Work to complete: Give the listing again, word for word, and let no picture into it.

Given records:
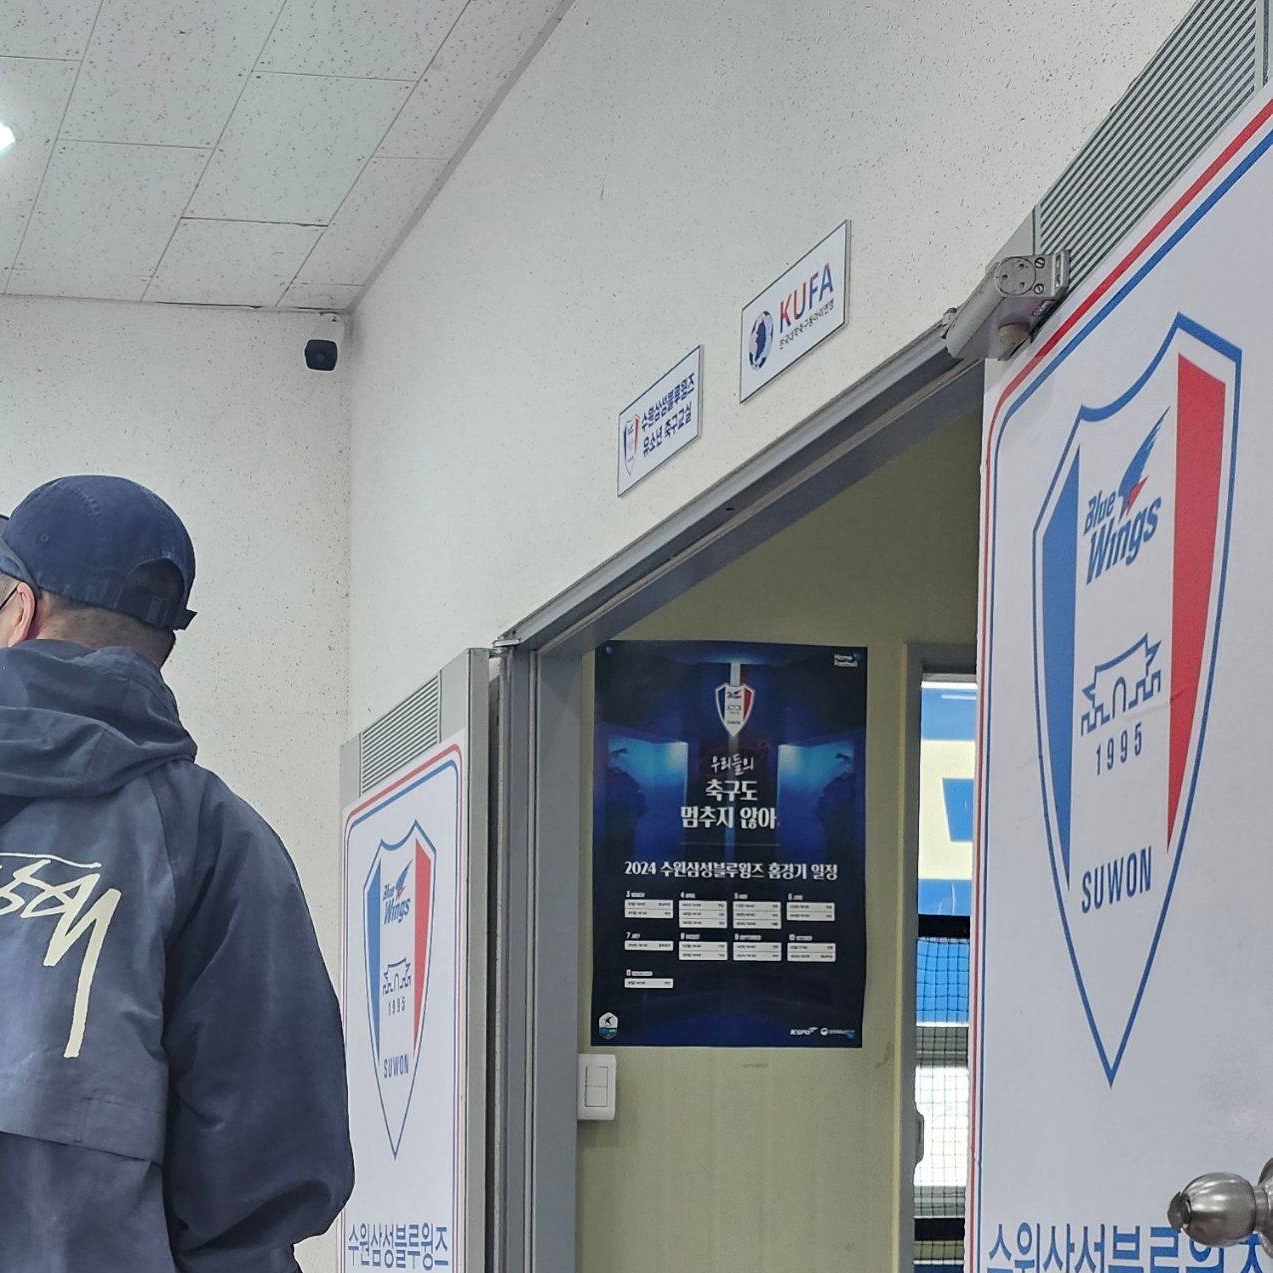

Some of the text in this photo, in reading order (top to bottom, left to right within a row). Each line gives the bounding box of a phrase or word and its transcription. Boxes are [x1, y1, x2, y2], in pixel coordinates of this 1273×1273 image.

[780, 262, 834, 334] KUFA
[641, 372, 695, 432] 수원삼성블루윙즈
[643, 401, 692, 458] 유소년 축구교실
[1083, 490, 1116, 537] Blue
[1085, 497, 1161, 585] Wings
[711, 754, 754, 776] 우리들의
[1095, 737, 1143, 776] 1995
[705, 779, 758, 802] 축구도
[680, 806, 777, 830] 멈추지 않아
[624, 861, 838, 881] 2024 수원삼성블루윙즈 홈경기 일정
[1081, 845, 1152, 913] SUWON
[388, 997, 406, 1016] 1995
[383, 1053, 409, 1079] SUWON
[348, 1222, 449, 1271] 수원삼성블루윙즈

Completed task:
Some of the text in this photo, in reading order (top to bottom, left to right within a row). Each line gives the bounding box of a phrase or word and its transcription. Boxes are [x1, y1, x2, y2], in pixel coordinates of this 1273×1273 image.

[780, 262, 834, 334] KUFA
[641, 372, 695, 432] 수원삼성블루윙즈
[643, 401, 692, 458] 유소년 축구교실
[1083, 490, 1116, 537] Blue
[1085, 497, 1161, 585] Wings
[711, 754, 754, 776] 우리들의
[1095, 737, 1143, 776] 1995
[705, 779, 758, 802] 축구도
[680, 806, 777, 830] 멈추지 않아
[624, 861, 838, 881] 2024 수원삼성블루윙즈 홈경기 일정
[1081, 845, 1152, 913] SUWON
[388, 997, 406, 1016] 1995
[383, 1053, 409, 1079] SUWON
[348, 1222, 449, 1271] 수원삼성블루윙즈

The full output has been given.